Phage-mediated Shiga toxin (Stx) horizontal gene transfer and expression in non-Shiga toxigenic Enterobacter and Escherichia coli strains

摘要

Enterobacter cloacae M12X01451 strain recently identified from a clinical specimen produces a new Stx1 subtype (Stx1e) that was not neutralized by existing anti-Stx1 monoclonal antibodies. Acquisition of stx by Ent. cloacae is rare and origin/stability of stx(1e) in M12X01451 is not known.

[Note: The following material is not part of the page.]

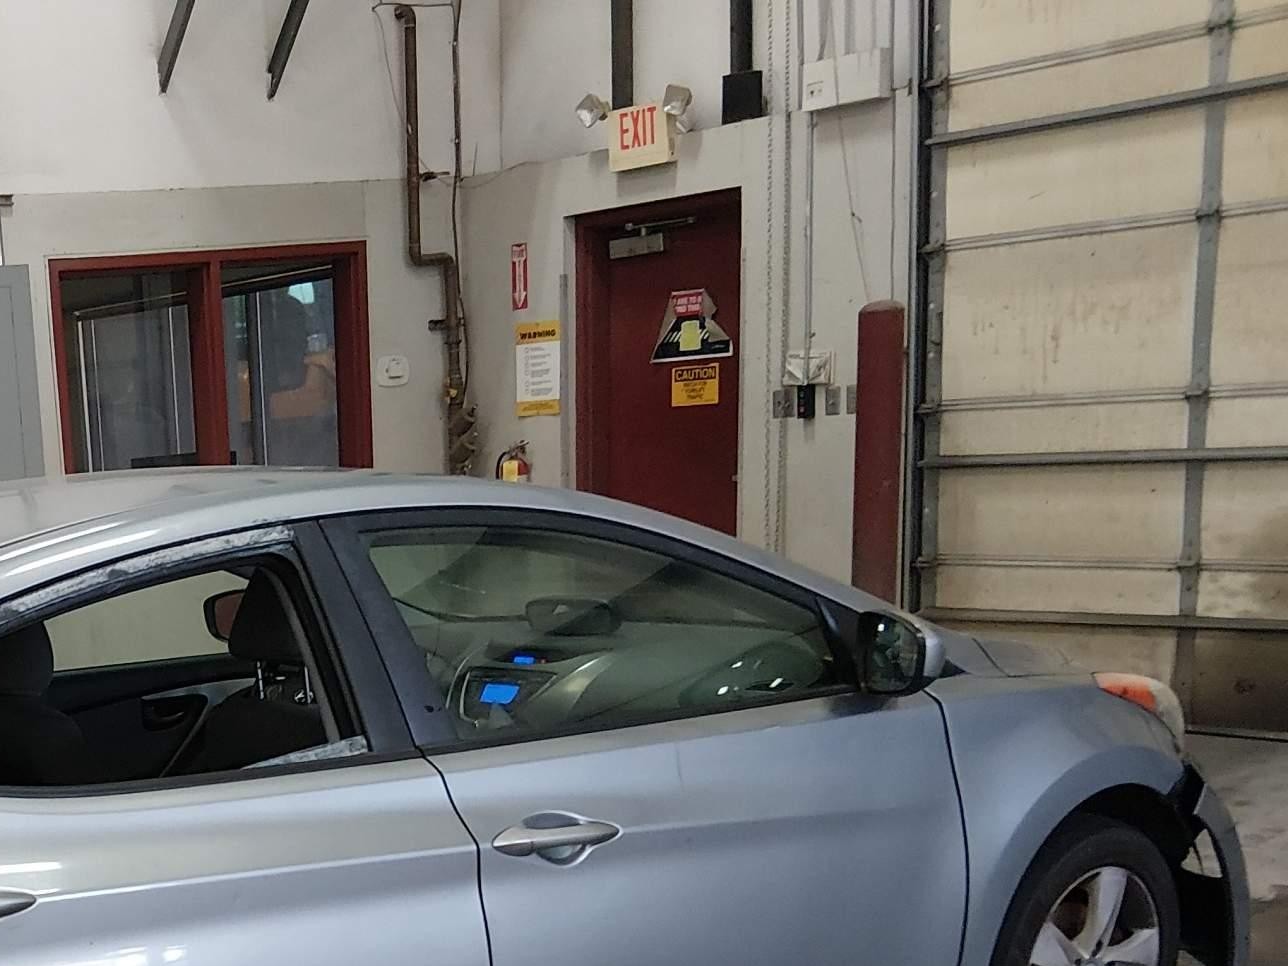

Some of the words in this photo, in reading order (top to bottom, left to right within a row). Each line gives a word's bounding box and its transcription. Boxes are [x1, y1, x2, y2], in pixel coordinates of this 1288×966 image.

[619, 106, 657, 150] EXIT
[519, 329, 556, 340] WARNING
[675, 367, 716, 381] CAUTION

In this study, we confirmed the ability of Stx1a- and Stx1e-converting phages from an Escherichia coli O157:H7 strain RM8530 and M12X01451 respectively to infect several E. coli and Ent. cloacae strains. stx(1e) was detected in 97.5% and 72.5% of progenies of strains lysogenized by stx(1e) phage after 10 (T-10) and 20 (T-20) subcultures, versus 65% and 17.5% for stx(1a) gene. Infection of M12X01451 and RM8530 with each other's phages generated double lysogens containing both phages. stx(1a) was lost after T-10, whereas the stx(1e) was maintained even after T-20 in M12X01451 lysogens. In RM8530 lysogens, the acquired stx(1e) was retained with no mutations, but 20% of stx(1a) was lost after T-20. ELISA and western blot analyses demonstrated that Stx1e was produced in all strains lysogenized by stx(1e) phage; however, Stx1a was not detected in any lysogenized strain. The study results highlight the potential risks of emerging Stx-producing strains via bacteriophages either in the human gastrointestinal tract or in food production environments, which are matters of great concern and may have serious impacts on human health.